(Beginning of Data extract)
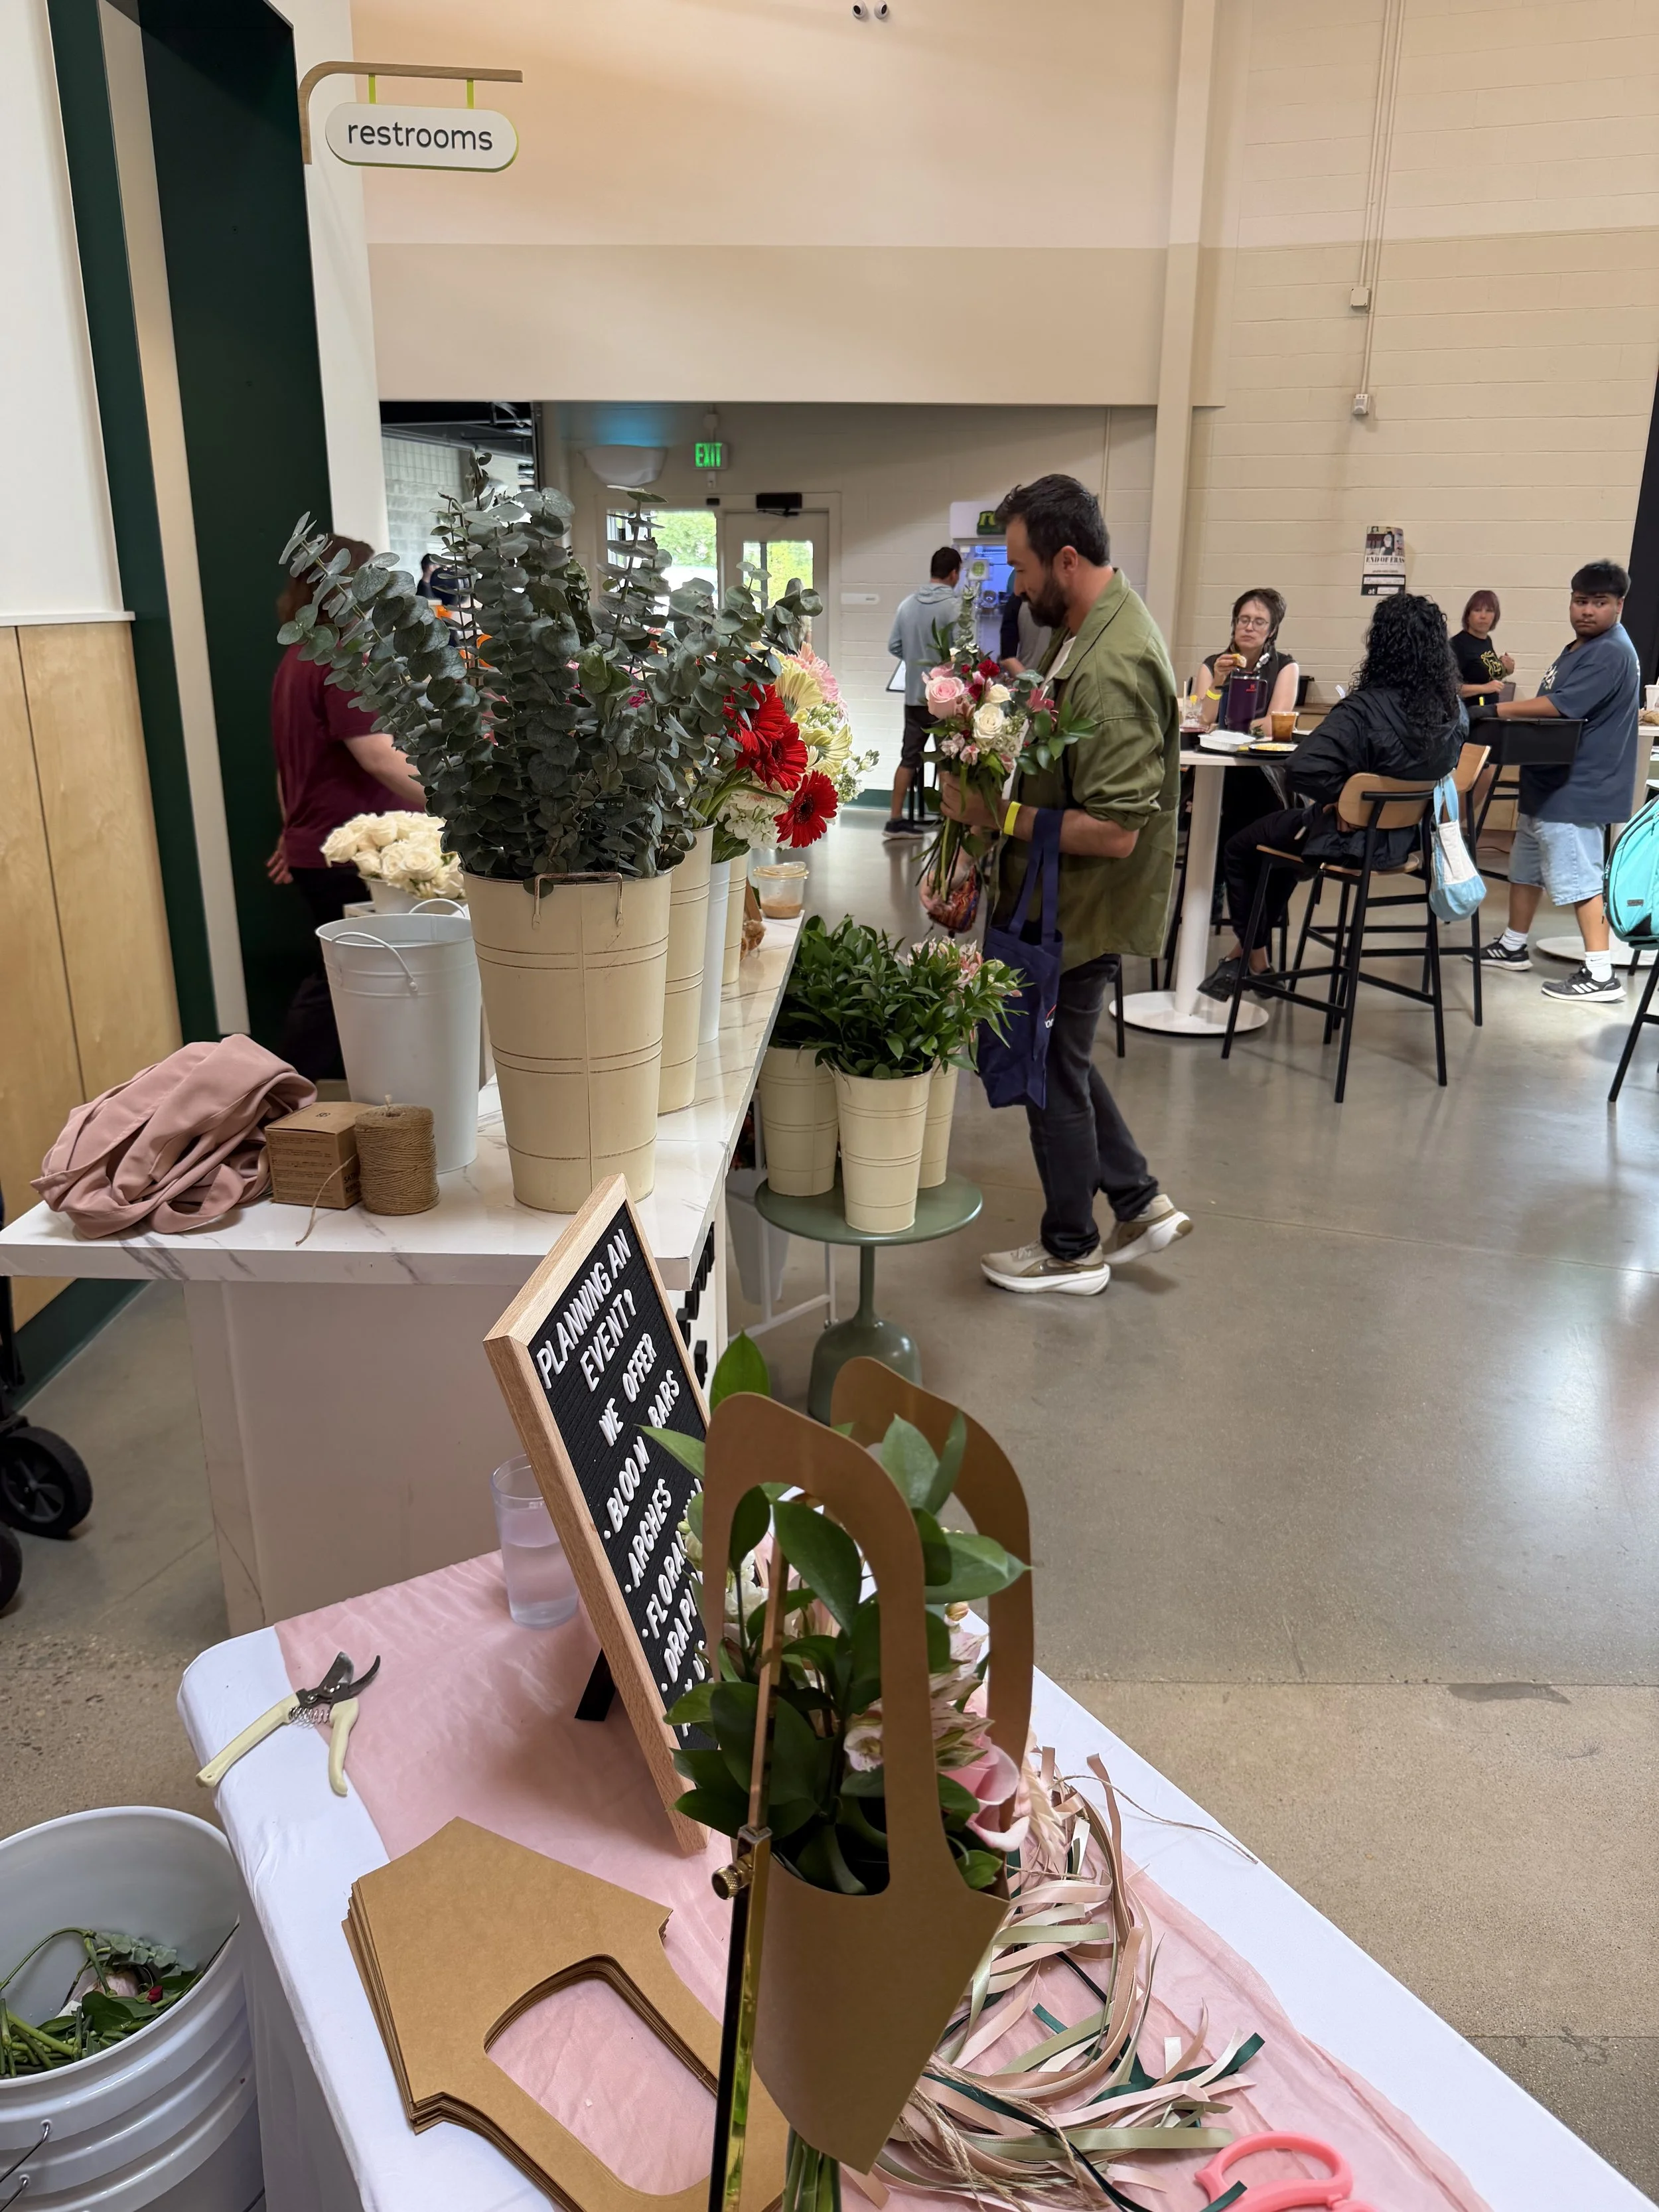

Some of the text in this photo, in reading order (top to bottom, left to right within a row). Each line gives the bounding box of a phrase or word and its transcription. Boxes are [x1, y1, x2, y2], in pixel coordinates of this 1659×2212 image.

[348, 122, 492, 151] restrooms
[695, 443, 722, 467] EXIT
[536, 1228, 631, 1389] PLANNING AN
[580, 1289, 636, 1392] EVENT?
[599, 1333, 658, 1447] WE OFFER
[648, 1370, 680, 1428] BARS
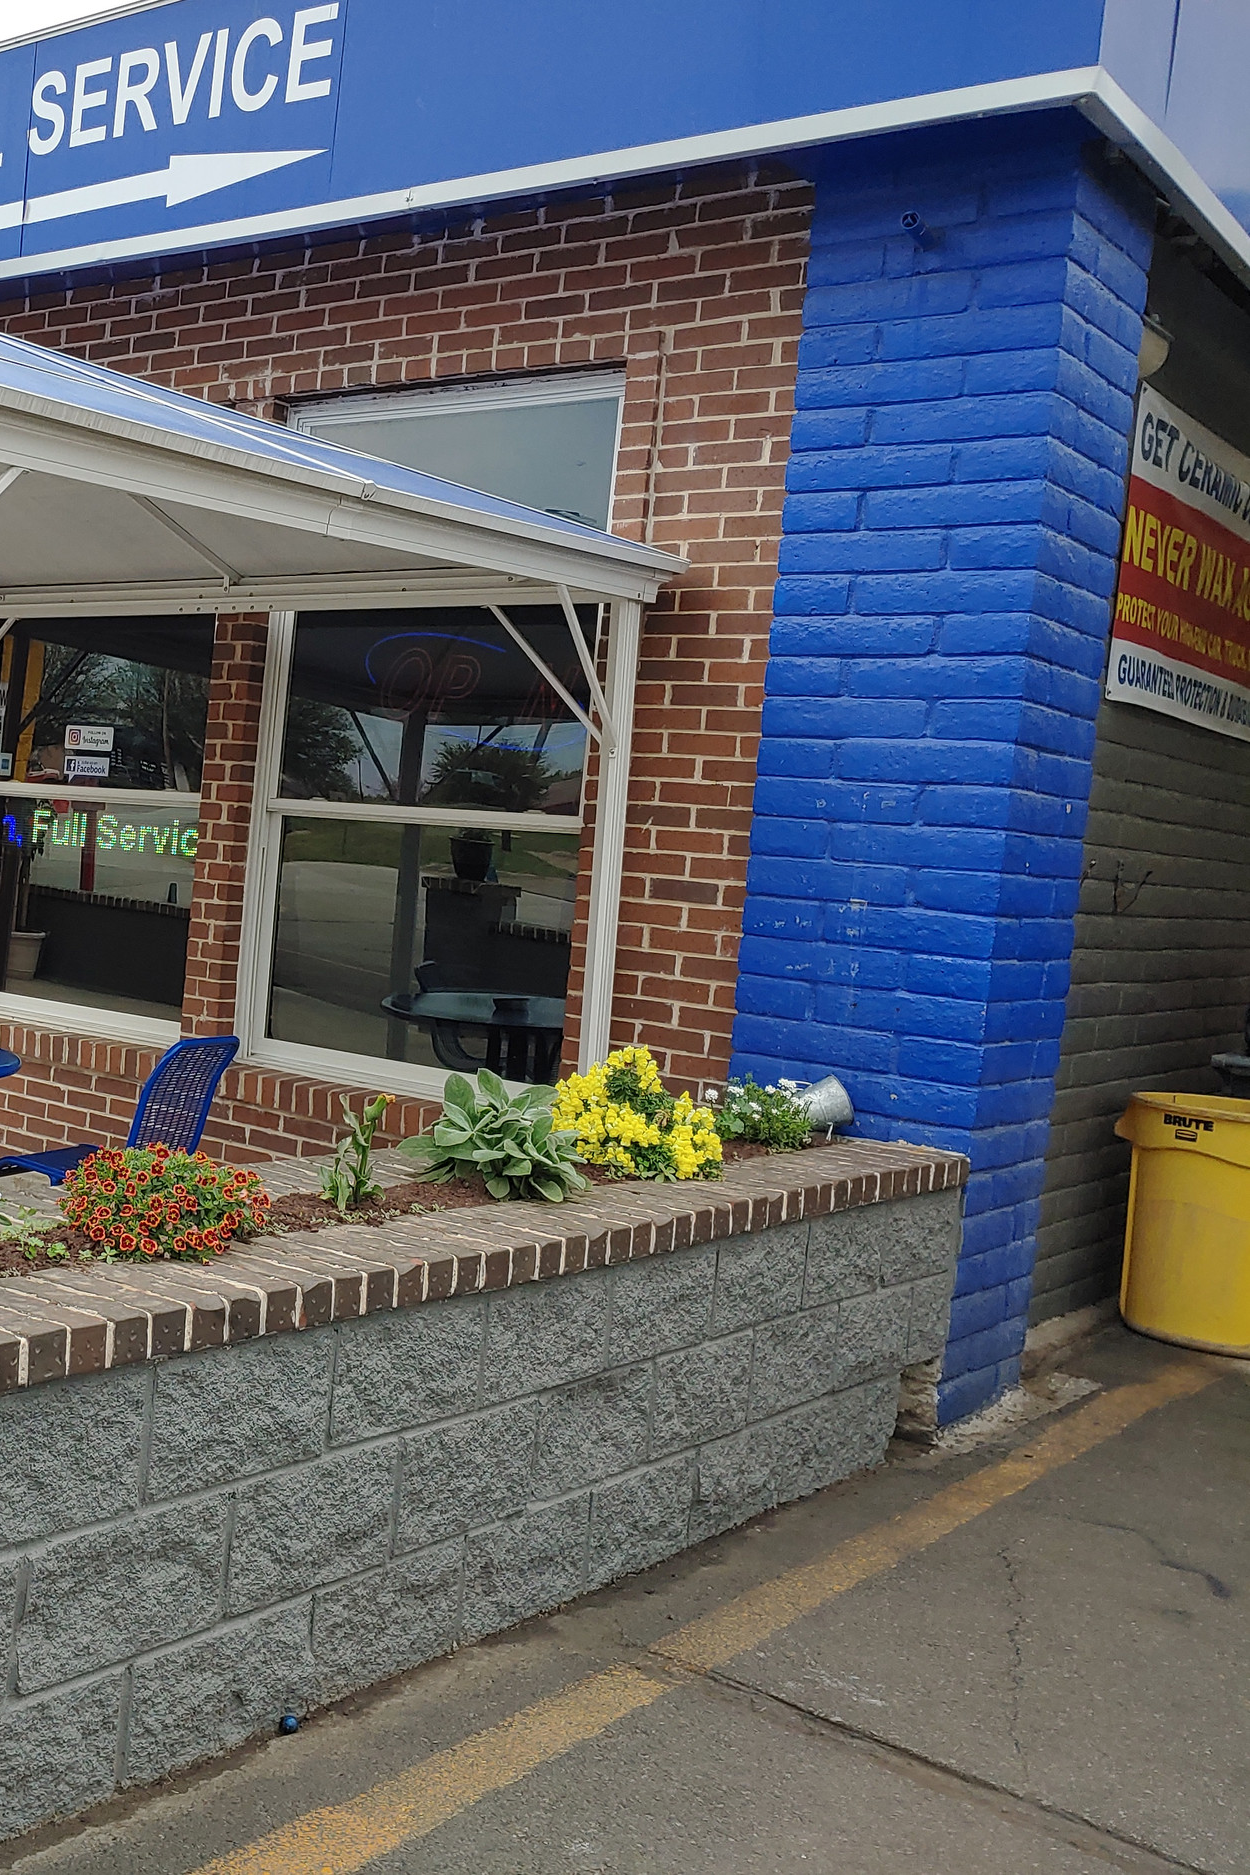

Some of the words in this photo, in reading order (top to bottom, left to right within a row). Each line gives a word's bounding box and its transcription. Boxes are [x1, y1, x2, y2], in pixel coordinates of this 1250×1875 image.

[28, 2, 339, 155] SERVICE
[1141, 412, 1180, 472] GET
[1123, 505, 1197, 592] NEVER
[1196, 543, 1236, 609] WAX
[1116, 592, 1156, 630] PROTECT
[1157, 608, 1179, 641] YOUR
[380, 648, 582, 721] OPN
[82, 736, 109, 747] Instagram
[76, 764, 106, 775] Facebook
[31, 810, 87, 848] Full
[1163, 1113, 1215, 1132] BRUTE
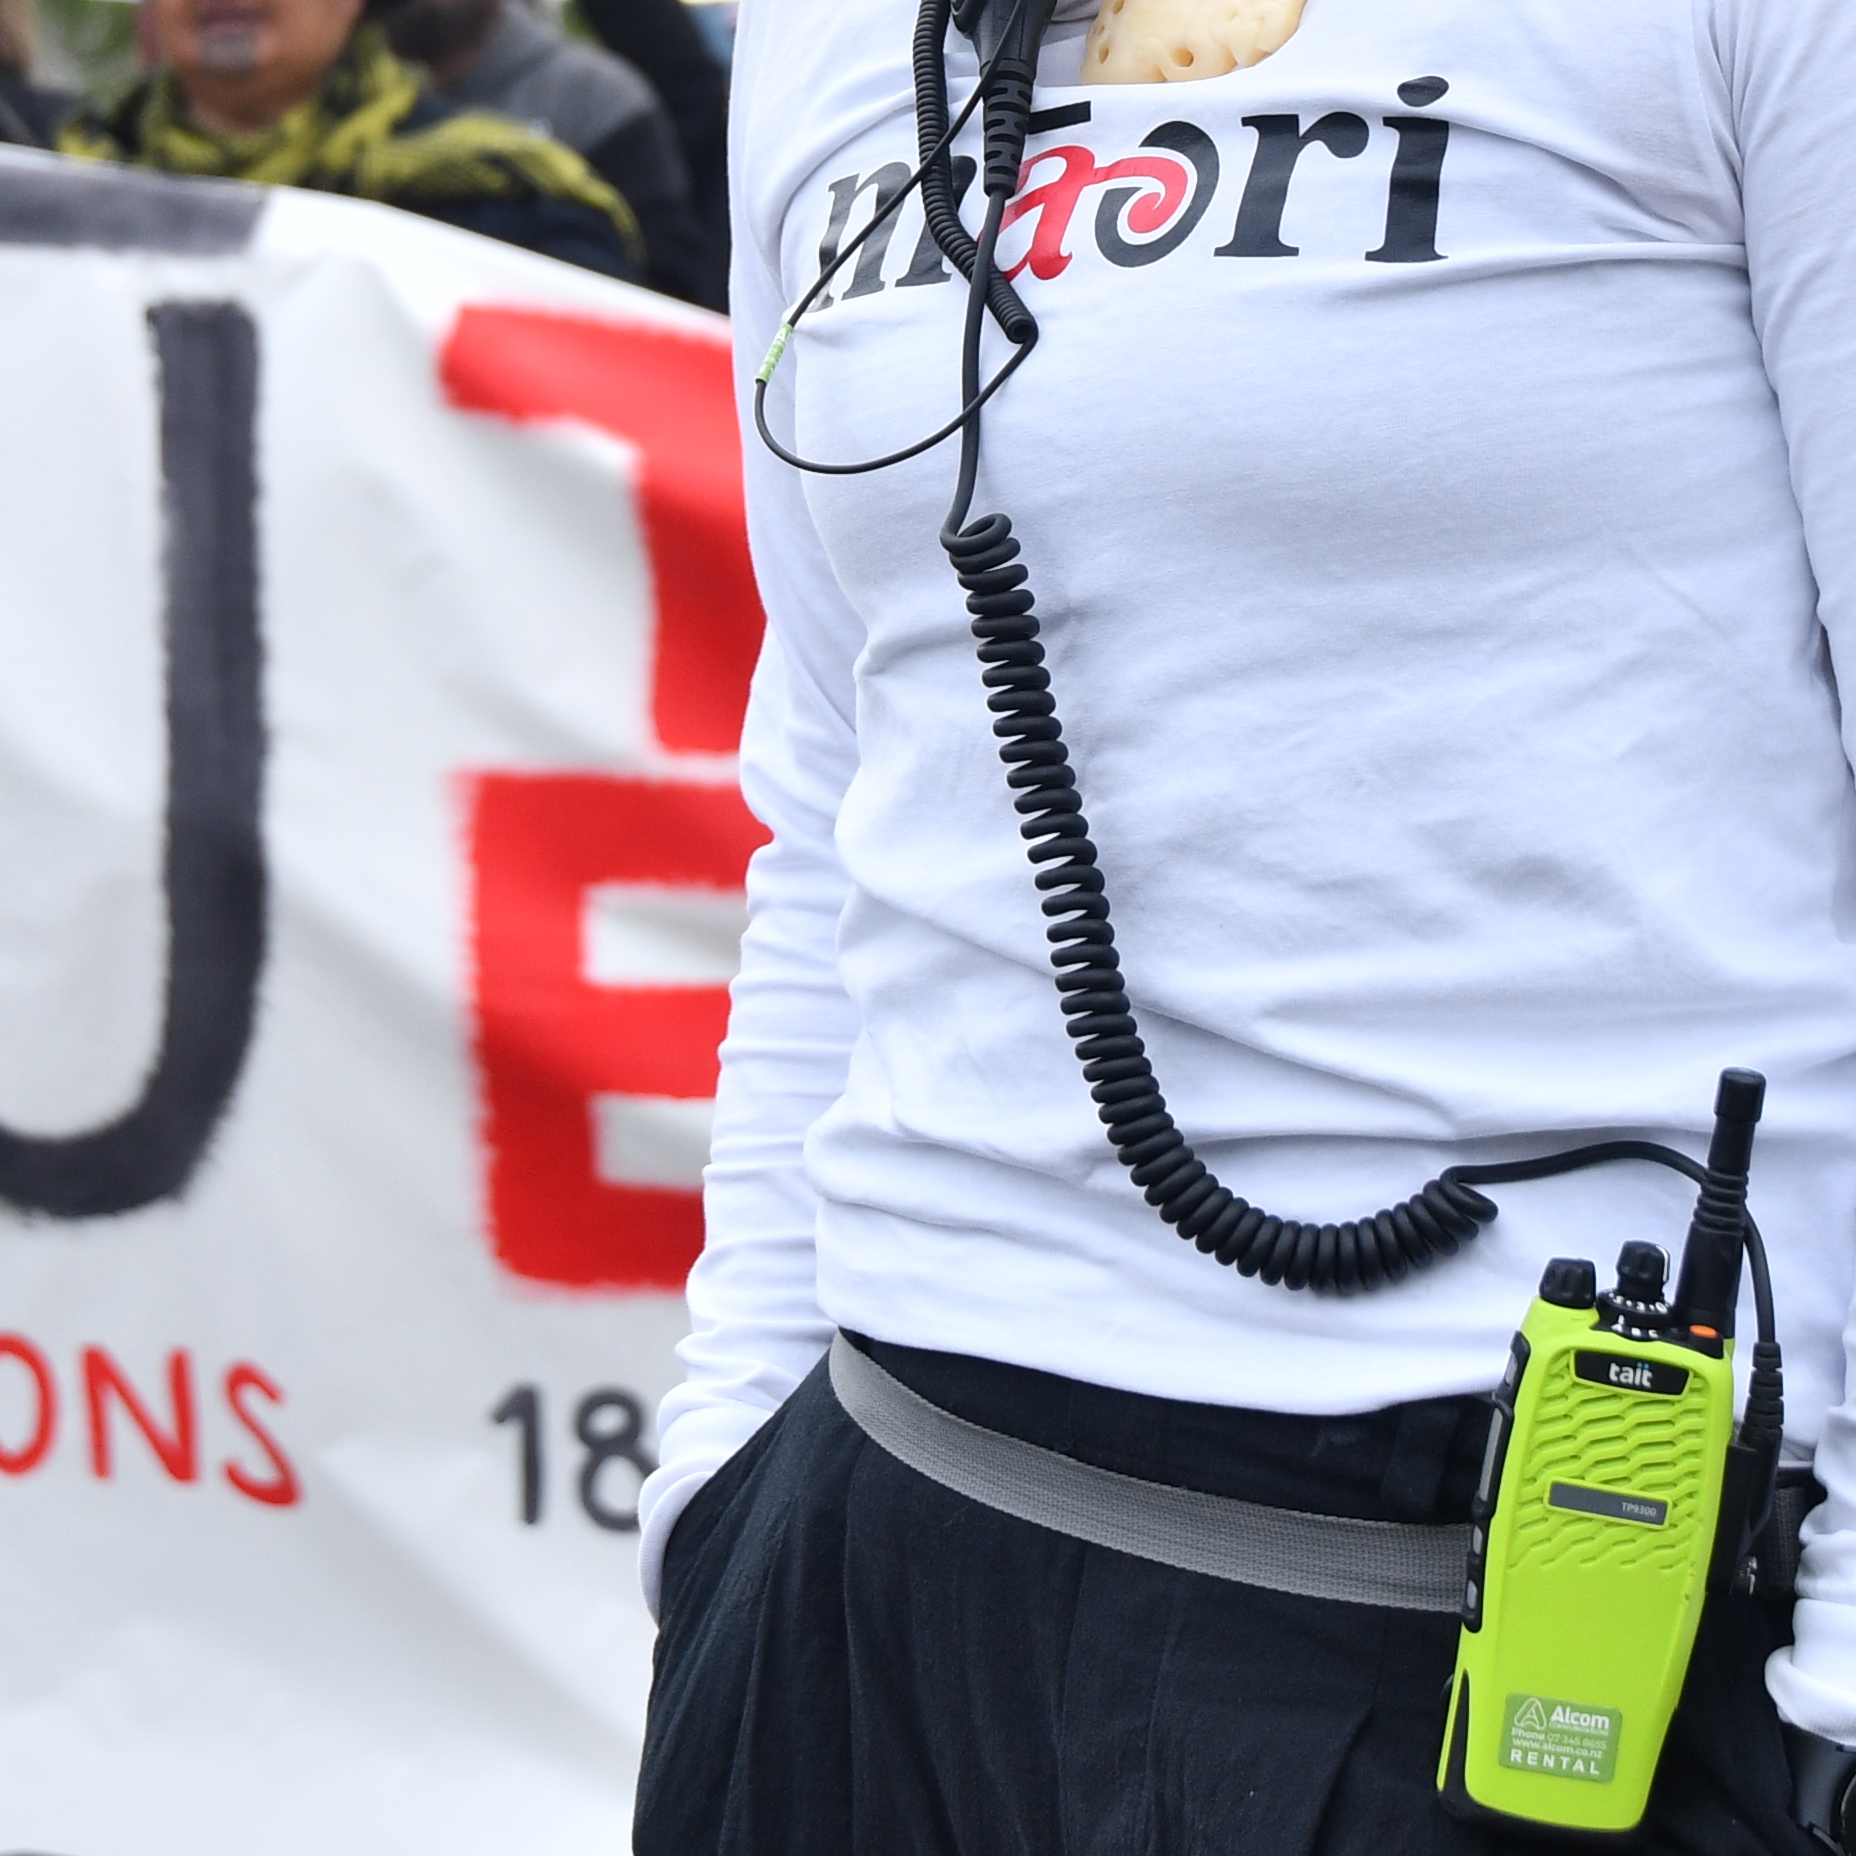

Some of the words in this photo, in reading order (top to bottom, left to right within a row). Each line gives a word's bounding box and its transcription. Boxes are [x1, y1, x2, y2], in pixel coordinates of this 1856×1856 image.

[1621, 1501, 1657, 1517] TP9300
[1550, 1705, 1610, 1729] Alcom
[1511, 1726, 1545, 1741] Phone
[1512, 1736, 1604, 1759] www.alcom.co.nz
[1509, 1748, 1601, 1776] RENTAL
(End of Data extract)
- **Problem description**:
Could you write out the records again exactly, without any of their pictures?

- **Result of this task**:
Some of the text in this photo, in reading order (top to bottom, left to right within a row). Each line gives the bounding box of a phrase or word and its transcription. Boxes are [x1, y1, x2, y2], in pixel coordinates of this 1659×2212 image.

[348, 122, 492, 151] restrooms
[695, 443, 722, 467] EXIT
[536, 1228, 631, 1389] PLANNING AN
[580, 1289, 636, 1392] EVENT?
[599, 1333, 658, 1447] WE OFFER
[648, 1370, 680, 1428] BARS

Some of the words in this photo, in reading order (top to bottom, left to right within a row). Each line gives a word's bounding box and its transcription. Boxes are [x1, y1, x2, y2], in pixel coordinates of this 1250×1875 image.

[28, 2, 339, 155] SERVICE
[1141, 412, 1180, 472] GET
[1123, 505, 1197, 592] NEVER
[1196, 543, 1236, 609] WAX
[1116, 592, 1156, 630] PROTECT
[1157, 608, 1179, 641] YOUR
[380, 648, 582, 721] OPN
[82, 736, 109, 747] Instagram
[76, 764, 106, 775] Facebook
[31, 810, 87, 848] Full
[1163, 1113, 1215, 1132] BRUTE

Some of the words in this photo, in reading order (top to bottom, left to right within a row). Each line gives a word's bounding box and its transcription. Boxes are [x1, y1, x2, y2], in pixel coordinates of this 1856×1856 image.

[1621, 1501, 1657, 1517] TP9300
[1550, 1705, 1610, 1729] Alcom
[1511, 1726, 1545, 1741] Phone
[1512, 1736, 1604, 1759] www.alcom.co.nz
[1509, 1748, 1601, 1776] RENTAL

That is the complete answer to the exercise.